Por acaso, o artigo 417 bis do Código Penal dos nossos vizinhos até faz exigência parecida: "Que sea necesario para evitar un grave peligro para la vida o la salud física o psíquica de la embarazada". Só que se nota uma crucial divergência, mesmo aos olhos de quem, como eu, não é jurista: a falta dos adjectivos "irreversível" ou "duradoura" a classificar os perigos que a saúde física ou psíquica da mulher grávida terá de correr. O que faz toda a diferença: imaginam algum psiquiatra a certificar que alguém — que não um convalescente de AVC ou de lobotomia — vai por certo ter problemas psíquicos indeléveis ou delongados? Claro que não.

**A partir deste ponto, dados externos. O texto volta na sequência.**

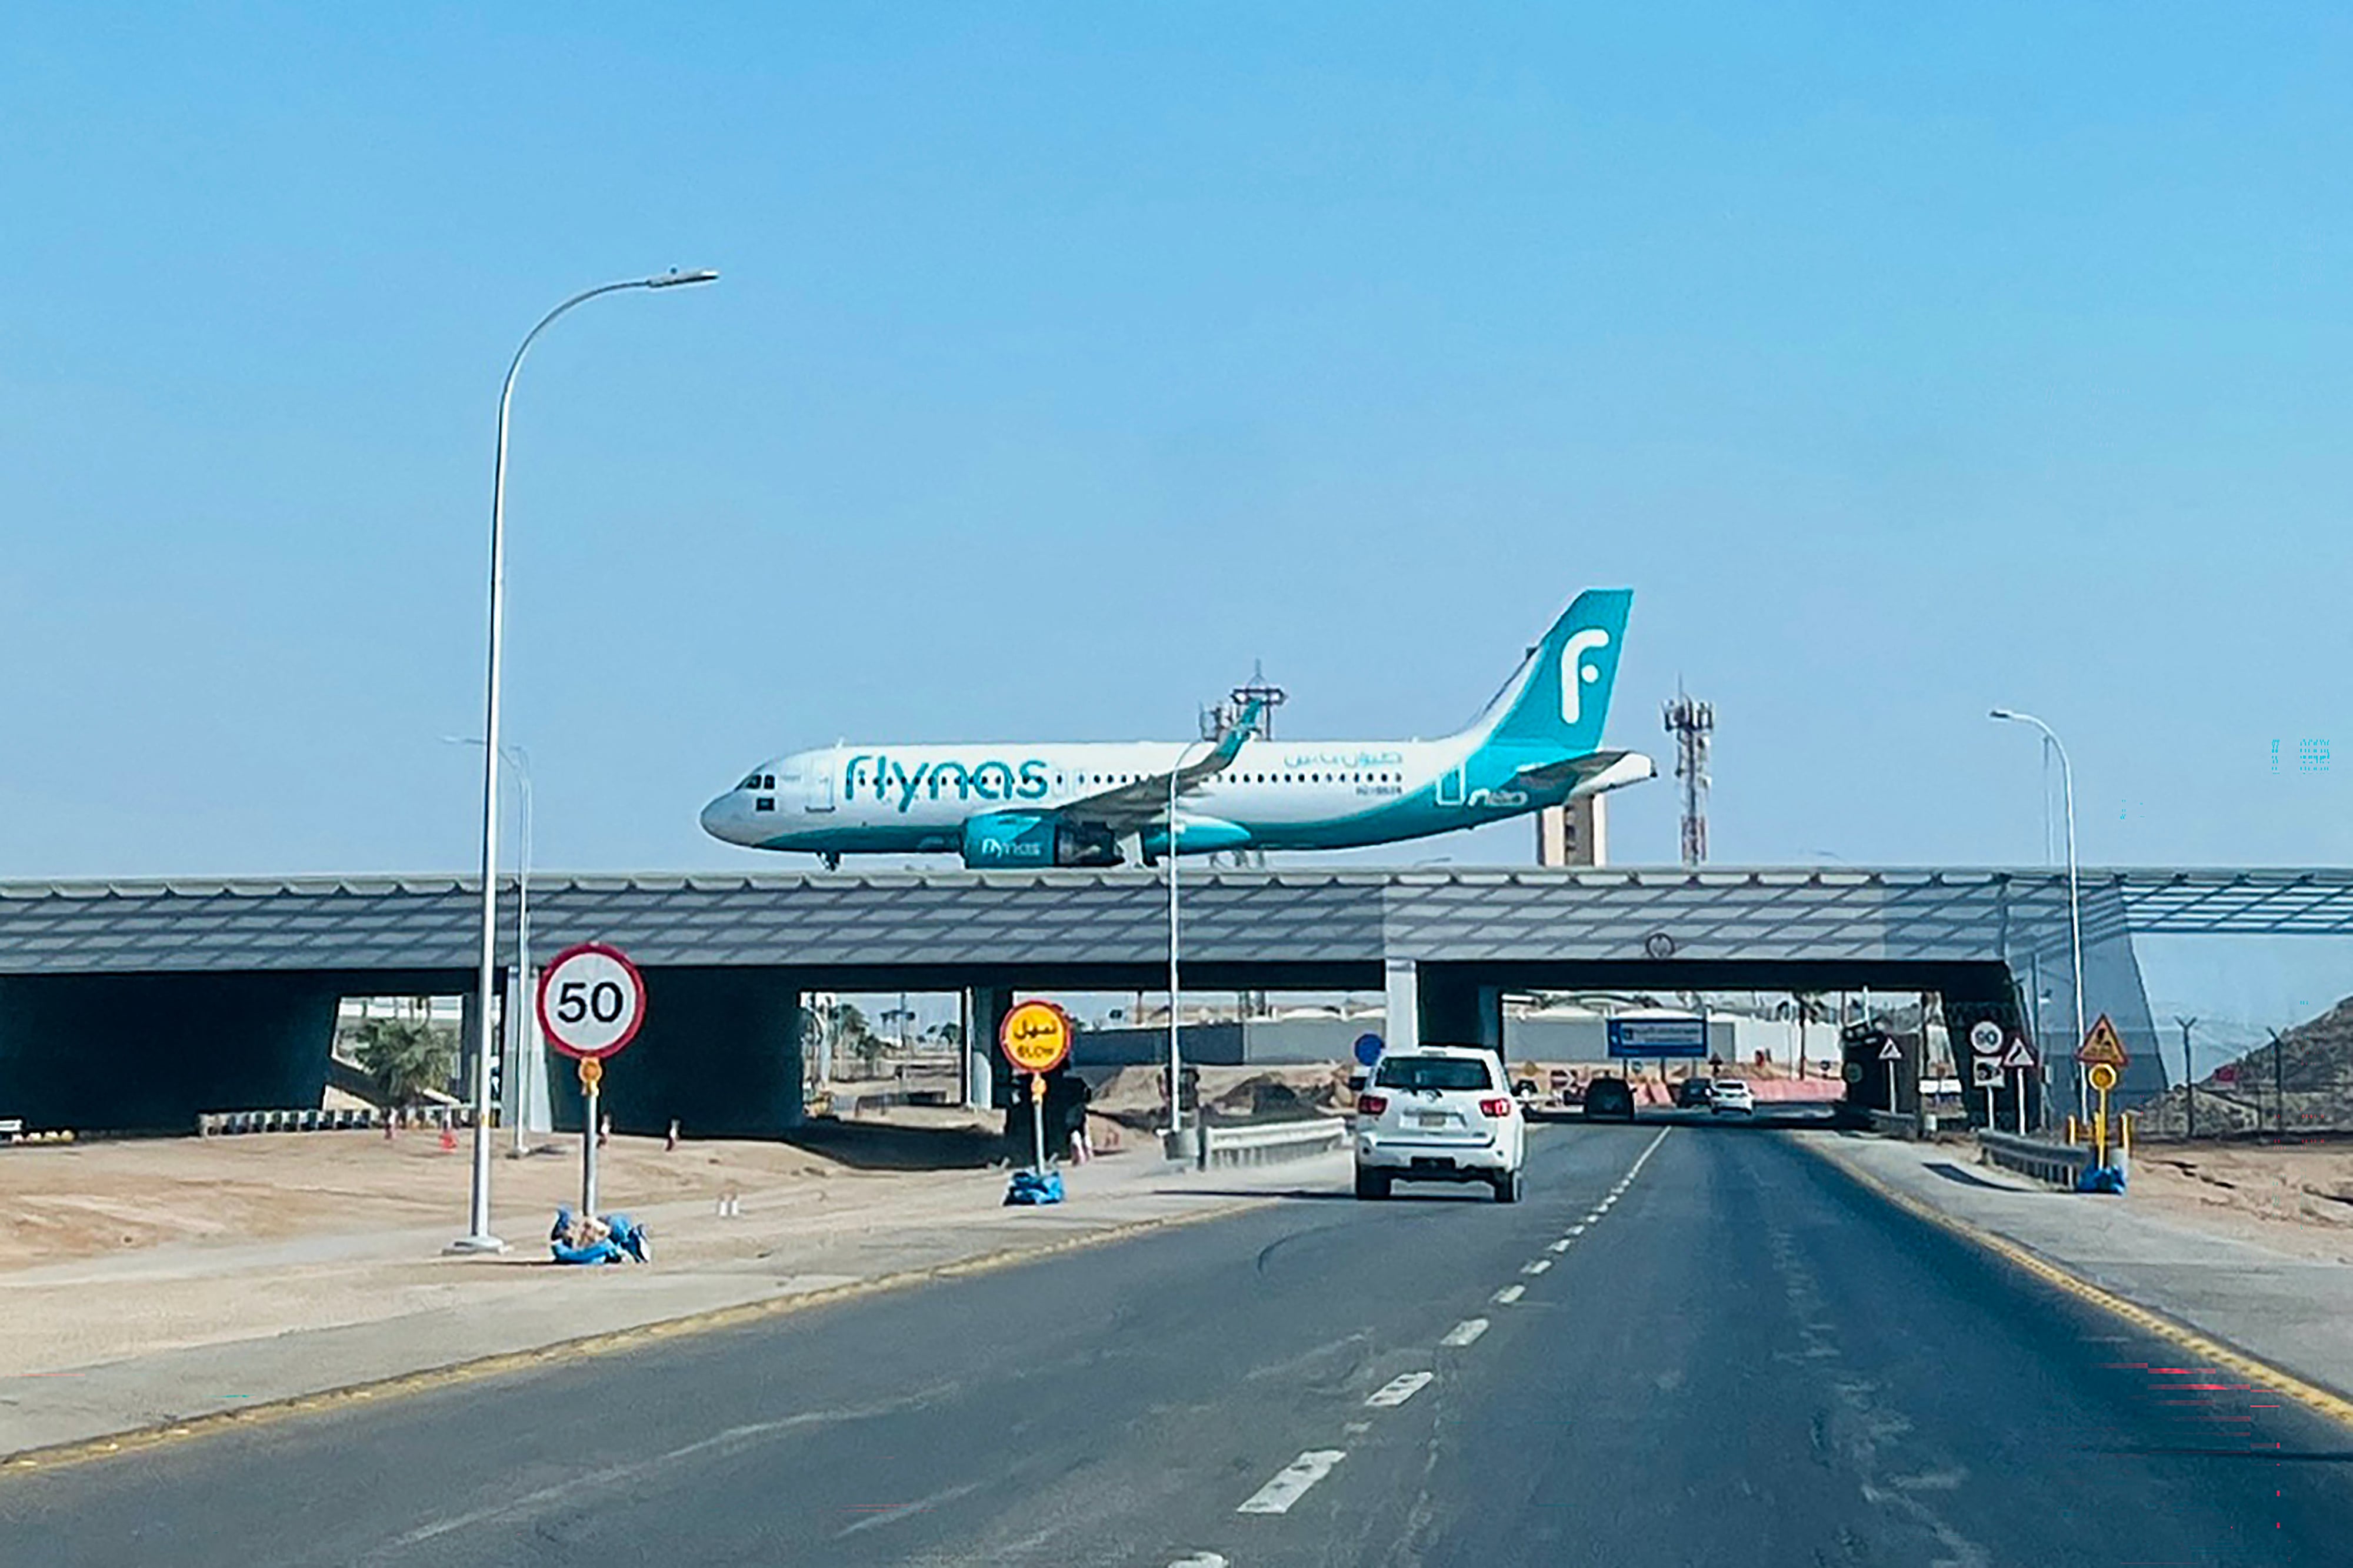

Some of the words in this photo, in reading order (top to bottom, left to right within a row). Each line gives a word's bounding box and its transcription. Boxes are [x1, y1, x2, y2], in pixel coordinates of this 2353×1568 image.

Mas há mais. A Lei 90/97 veio deixar claro que "o Governo adoptará as providências organizativas e regulamentares necessárias à boa execução da legislação atinente à interrupção voluntária da gravidez". Isto aconteceu com a Portaria n.º 189/98, que obriga à constituição de "comissões técnicas de certificação", compostas por "três ou cinco médicos como membros efectivos e dois suplentes", incluindo "a presença obrigatória de um obstetra/ecografista, de um neonatologista e, sempre que possível, de um geneticista, sendo os restantes elementos necessariamente possuidores de conhecimentos categorizados para a avaliação das circunstâncias que tornam não punível a interrupção da gravidez". Coisa simples e pouco burocrática, claramente vocacionada para simplificar a vida às grávidas em risco. Eis como a lei se viu regulamentada com generosa abrangência.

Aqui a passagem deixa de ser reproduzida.